Revision – 2014 (Dyce is me, coy in the first person. Eric was a walking pal going back to 1994 when my mental health first began to deteriorate. He was also a psychiatrist). This piece could be a prologue. I can’t just see the date of the first drafts, but around 2000 and after.
A busy sunny Spring Saturday afternoon. Two men in their sixties, Dyce and Eric. A Derbyshire walk over the Great Ridge overlooking Ingleton and the Hope Valley.
“It’s not something that happens to you,” said Dyce, “Back in the day, other people used to have nervous breakdowns. Even when there was no one else for miles, my mother would whisper with a knowing wink, ‘He had a nervous breakdown.’ We hadn’t a clue what that meant. We imagined someone drooling and saying daft stuff. Or one person one minute and another the next. A dark room in the loony bin. Dad said they were ‘mixed up’, a curious disorder that teenagers were allowed to have in the nineteen fifties and sixties, until they discovered they had to earn a living. And dad’s solution? ‘A spell in the forces would sort them out.
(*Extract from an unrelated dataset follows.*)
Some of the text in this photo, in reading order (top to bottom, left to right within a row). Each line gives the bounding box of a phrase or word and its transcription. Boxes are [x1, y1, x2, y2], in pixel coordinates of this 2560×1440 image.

They should never have stopped conscription.'”
“You sound as though you know something about it,” said Eric.
“Well every second person you meet has had some form of emotional wobble. Not a train wreck that ends up in casualty. It’s more gradual. An experience that friends and relatives have. Becoming slowly unpleasant. Until you can no longer do normal stuff. No surprise to anyone but yourself.”
“So not at the time, later maybe?”
“Today, it’s almost cool to be on anti-depressants, apart from the side-effects. Imagine having to disappear for a crap, at the most inconvenient times, with seconds to spare. Boy scouts learn always to carry toilet roll. Well adults do too. Out walking on the fells is a risk. Do it in summer and keep to the foothillls for a while, home to safely luxuriant bracken. Afternoons can be awkward. Too high for bracken, you need to quickly clamber for that sheltered rocky spot. But take care to look behind or belt undone, half squatting, you could put that couple, fifty yards away, right off their afternoon tea.”
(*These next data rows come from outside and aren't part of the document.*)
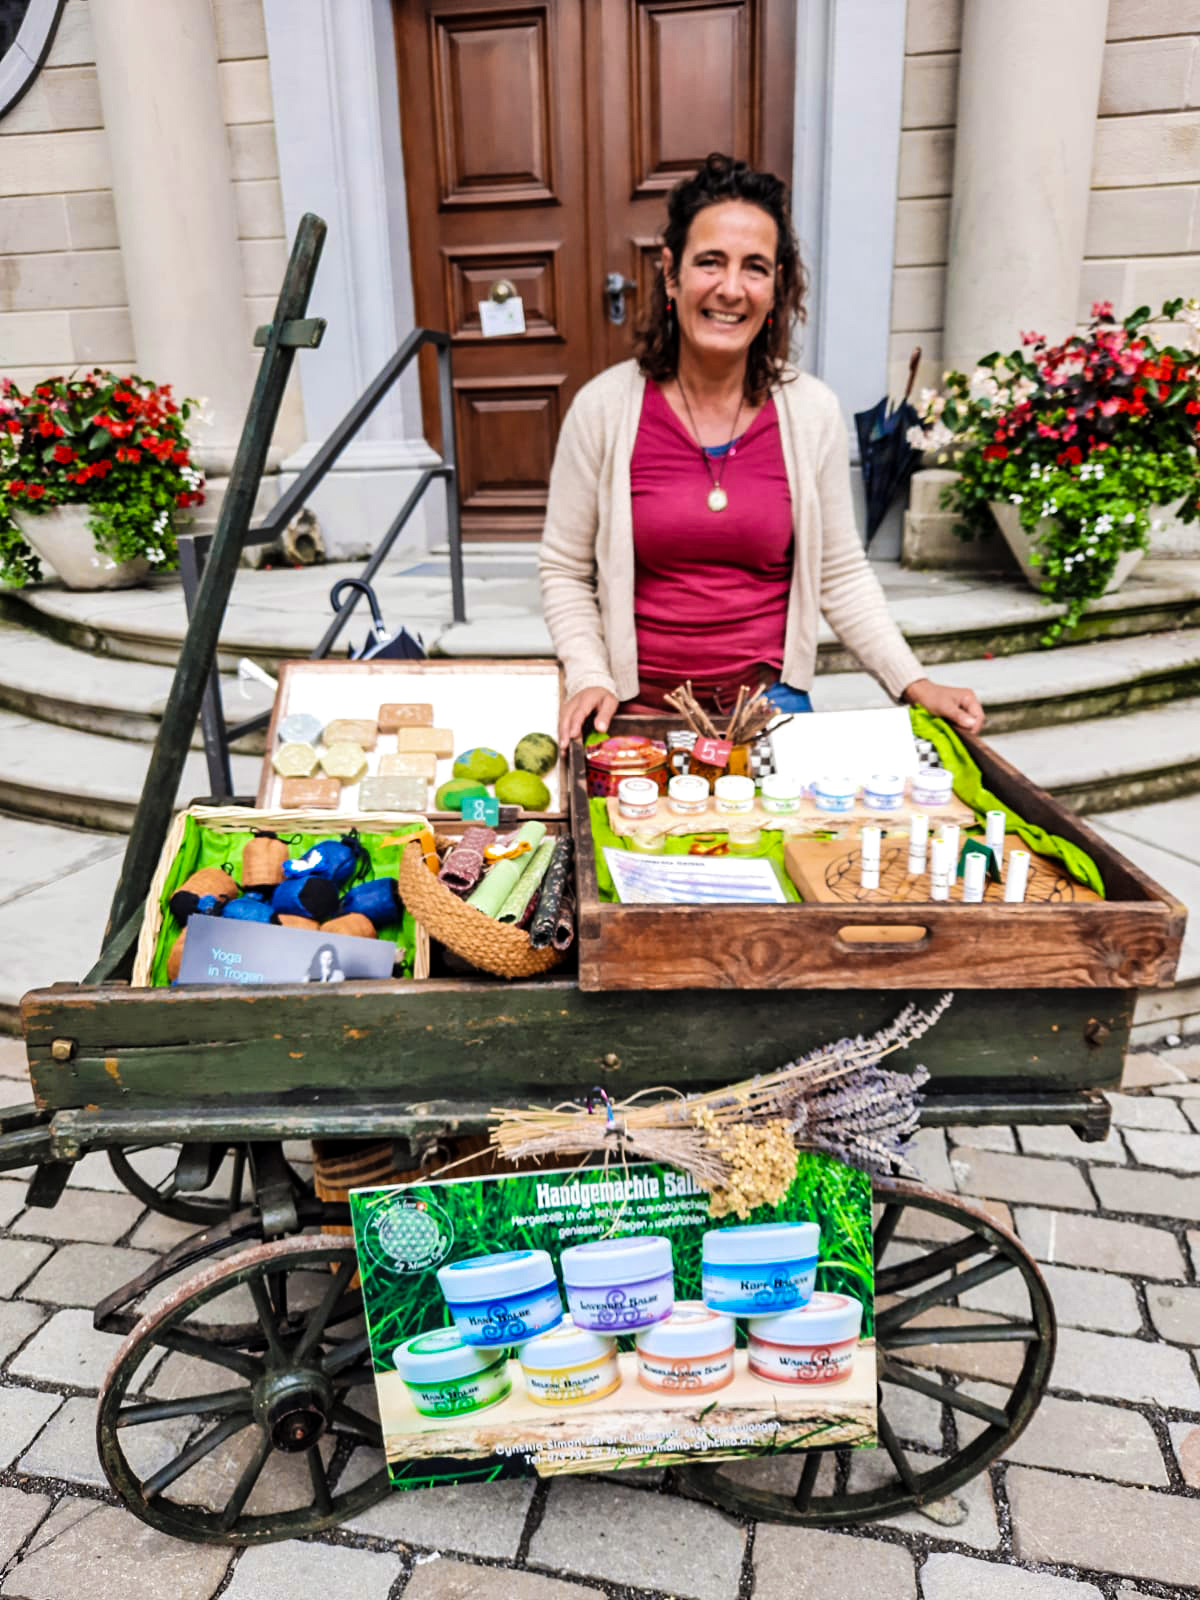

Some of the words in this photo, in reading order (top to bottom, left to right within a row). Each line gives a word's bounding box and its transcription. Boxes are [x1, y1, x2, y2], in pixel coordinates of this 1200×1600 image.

[211, 947, 242, 965] Yoga
[208, 966, 220, 977] in
[536, 1173, 660, 1208] Handgemachte
[511, 1212, 564, 1227] Hergestellt
[566, 1210, 575, 1220] in
[576, 1207, 593, 1220] der
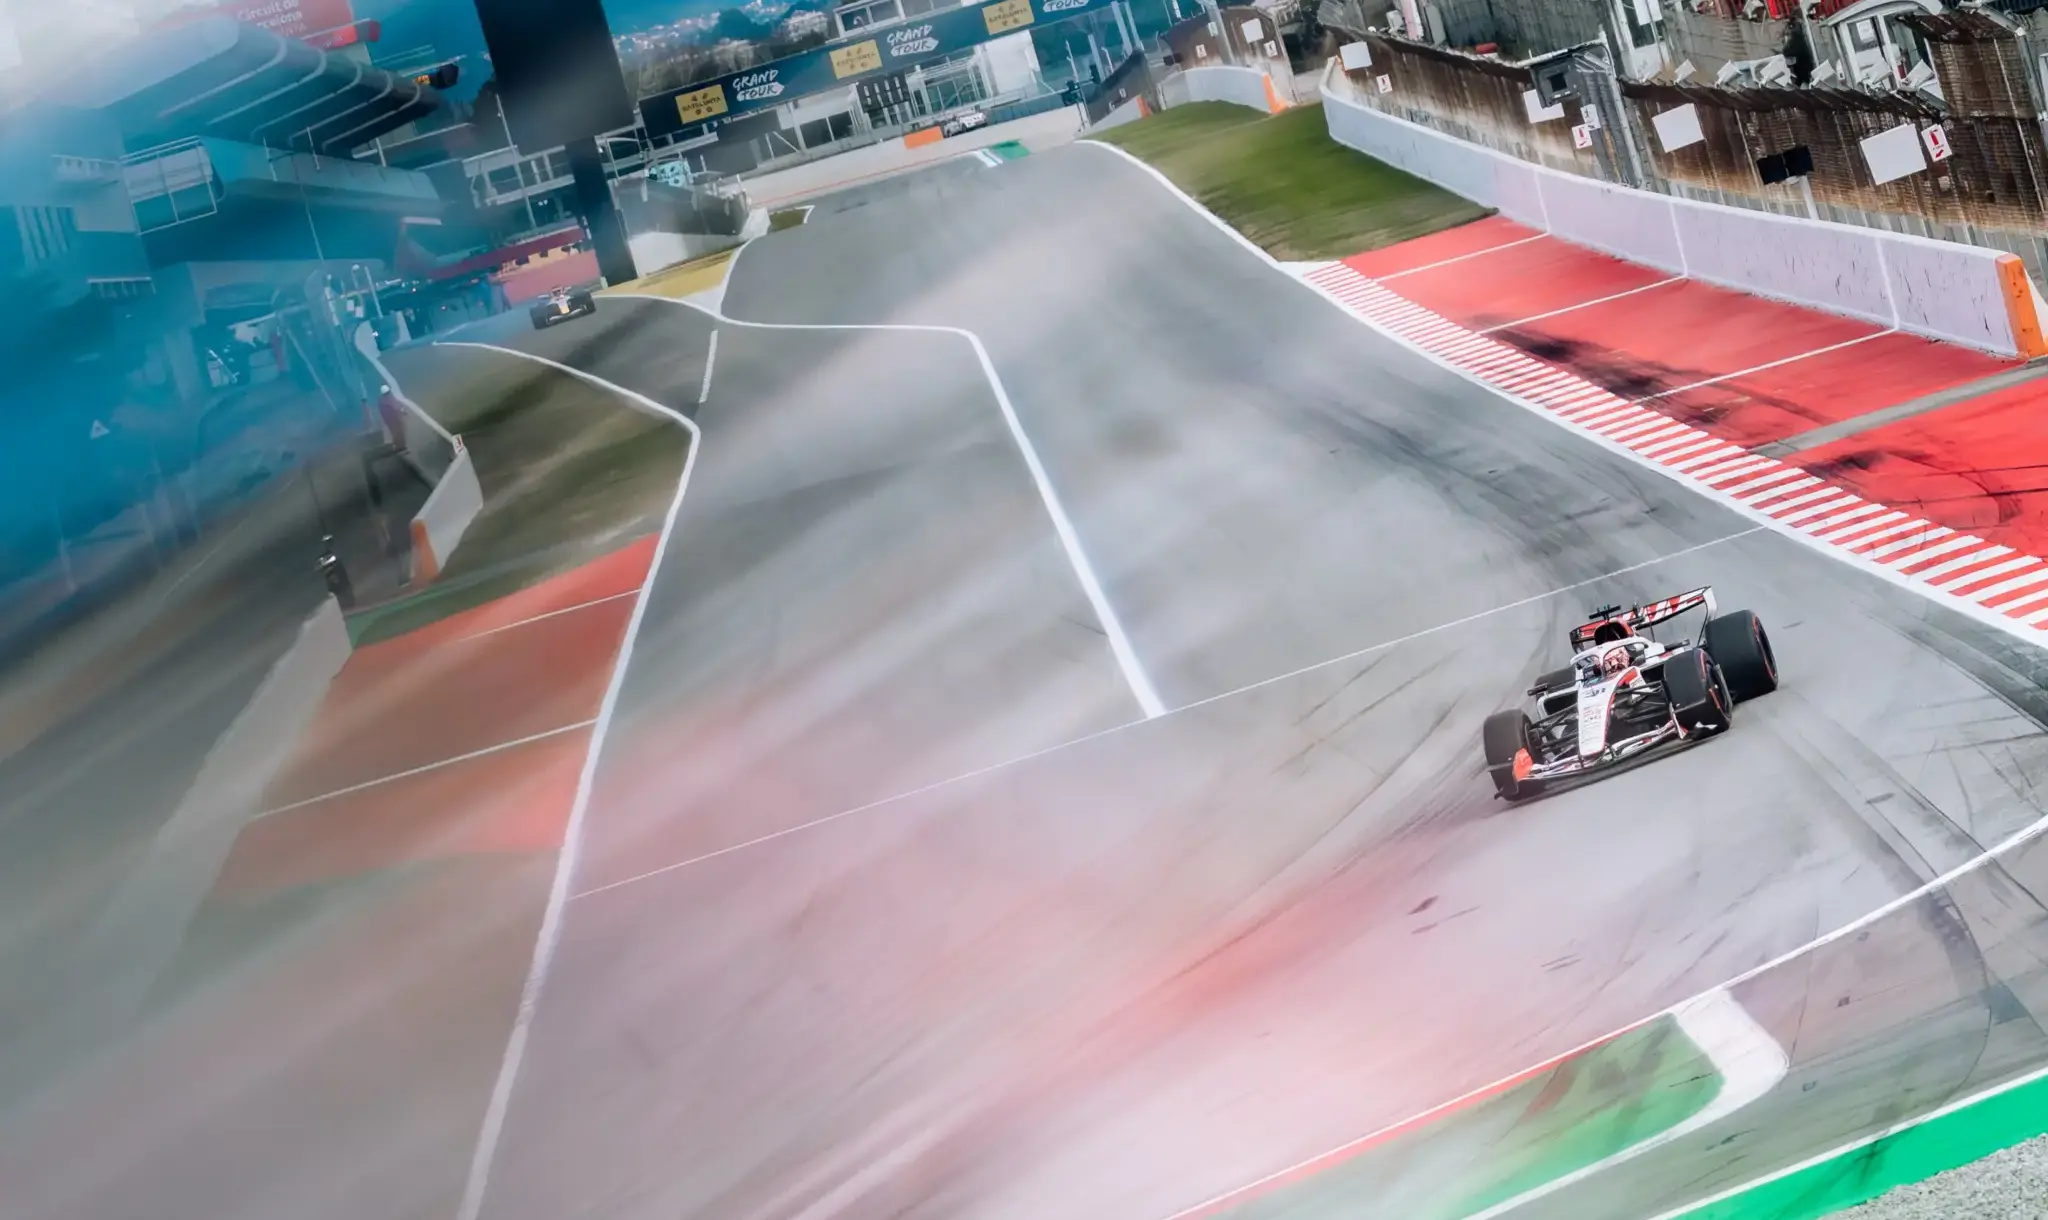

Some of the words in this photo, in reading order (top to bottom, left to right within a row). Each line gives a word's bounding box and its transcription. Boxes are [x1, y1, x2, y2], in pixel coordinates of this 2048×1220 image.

[236, 2, 283, 21] Circuit
[256, 11, 304, 29] rcelona
[887, 24, 933, 46] GRAND
[894, 38, 932, 52] TOUR
[733, 70, 779, 91] GRAND
[740, 83, 778, 98] TOUR
“Needed a medication change.”
“Or just throw the pills in the bin.”
They walked off Lose Hill and came across a wall, a stile and a junction of five lanes. Three of the names on the signpost read Hope, including the way they’d come.
“Which way?” asked Rivers.
“No problem,” said Dyce, “It’s Hope whatever.”
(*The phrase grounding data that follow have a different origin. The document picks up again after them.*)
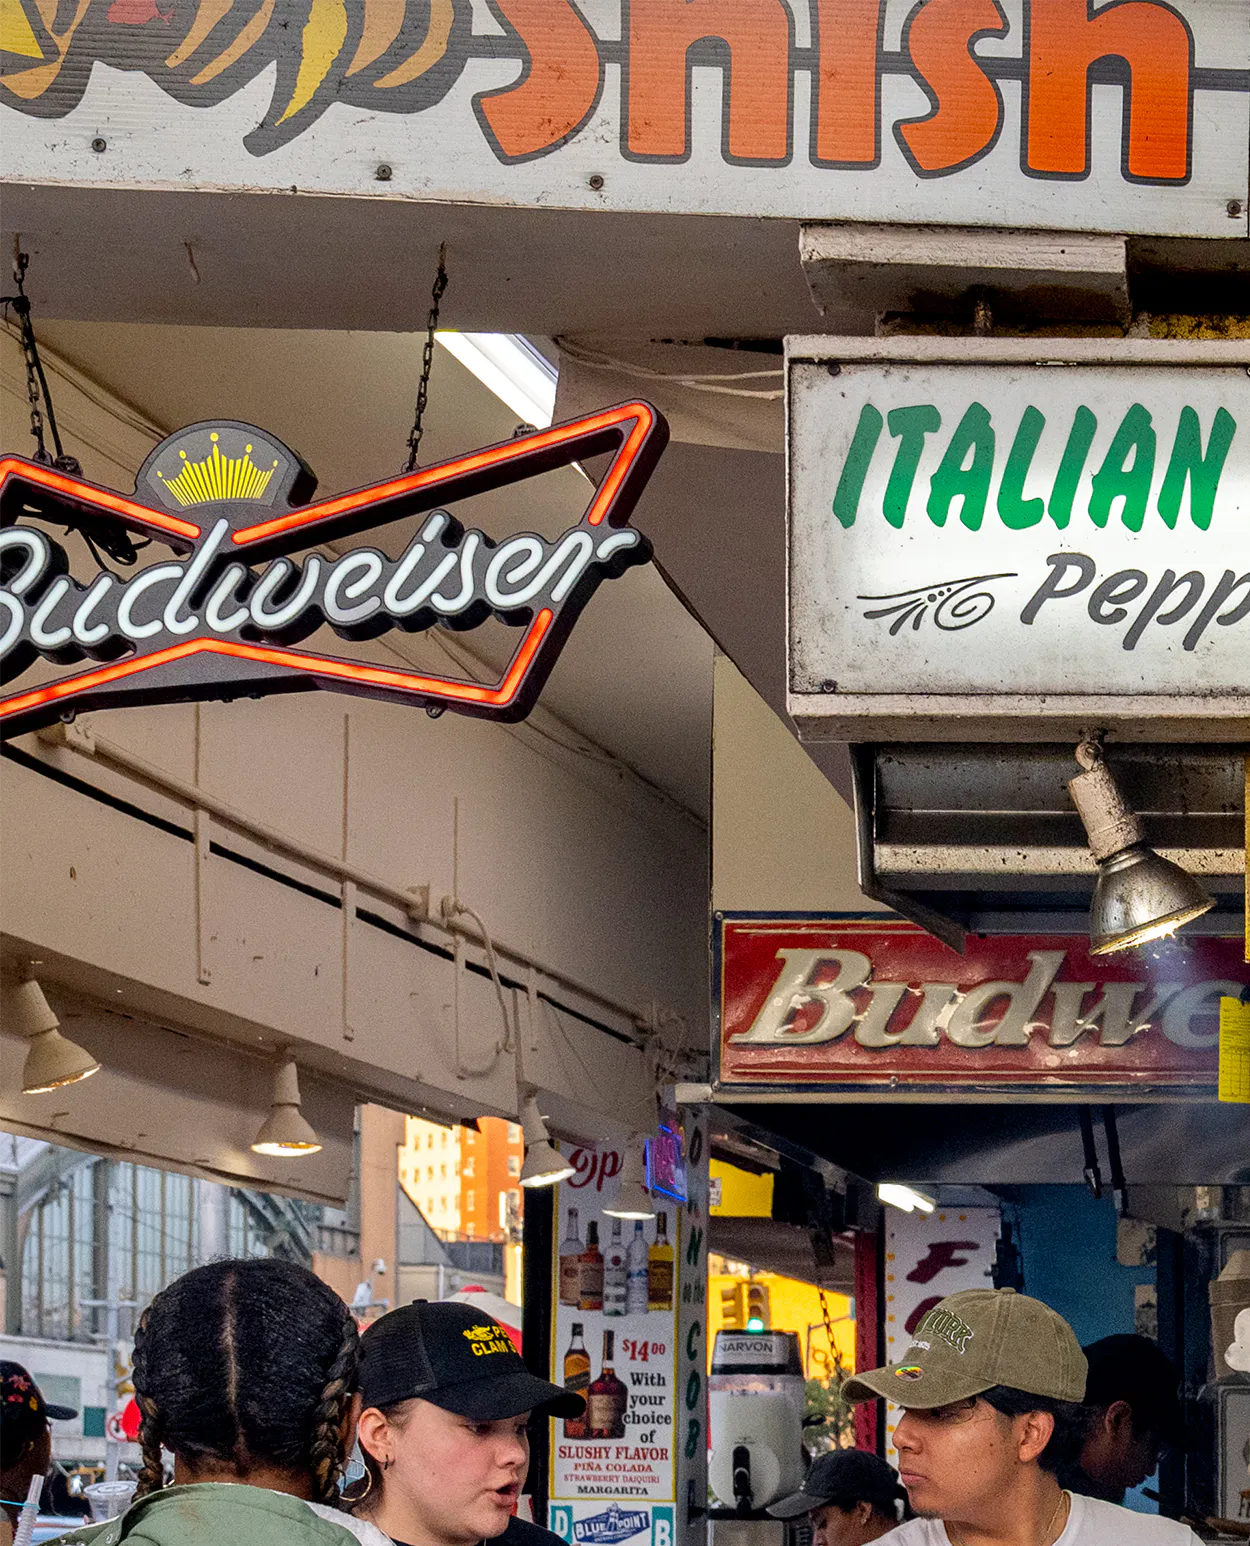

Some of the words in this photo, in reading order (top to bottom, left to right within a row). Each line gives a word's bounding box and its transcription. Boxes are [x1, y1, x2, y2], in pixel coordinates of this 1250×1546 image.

[832, 402, 1236, 532] ITALIAN
[0, 510, 642, 662] Budweiser
[471, 1340, 509, 1356] CLAM
[720, 1341, 773, 1353] NARVON
[630, 1372, 666, 1387] With
[629, 1395, 666, 1410] your
[623, 1411, 671, 1425] choice
[640, 1430, 656, 1444] of
[559, 1446, 611, 1460] SLUSHY
[615, 1446, 669, 1461] FLAVOR
[605, 1463, 653, 1473] COLADA
[564, 1475, 620, 1484] STRAWBERRY
[578, 1486, 649, 1496] MARGARITA
[575, 1523, 606, 1540] BLUE
[618, 1513, 647, 1529] POINT
Ten minutes later, as they strolled along the riverside, listening to the bustle of Hope Show, a bloke in a flat cap and macintosh came in the opposite direction and asked a question that stopped them in their tracks, “Is this the path?”
Dyce laughed, “Depends where you want to go,” he replied. They watched as the bloke trudged away toward five lane ends.
“He won’t get any help there,” said Eric and they both laughed, “It’s a John Bunyan moment.”
Later still they sat on the grassy bank in front of Peveril Castle. In the far distance there was a single rugby pitch. Dyce turned to Eric, “I wonder where the second team play?” Eric replied, “they probably play one after each other, you know, a double-header.”
Dyce wanted the question to just hang there, left without an answer. He sighed, bemused, do we need to be that certain?
“It’s a story. There and back, and while you’re there. A simple three-parter. An innocent plan that turns into a tough schedule and a hasty rethink, peeping across and catching glimpses of other slower, more thoughtful trips. You finish in a strange place, ruffled and bruised.”
“You need to write it,” said Eric.
Conscription may not have been such a bad idea, thought Dyce as he stood and walked back to the car park.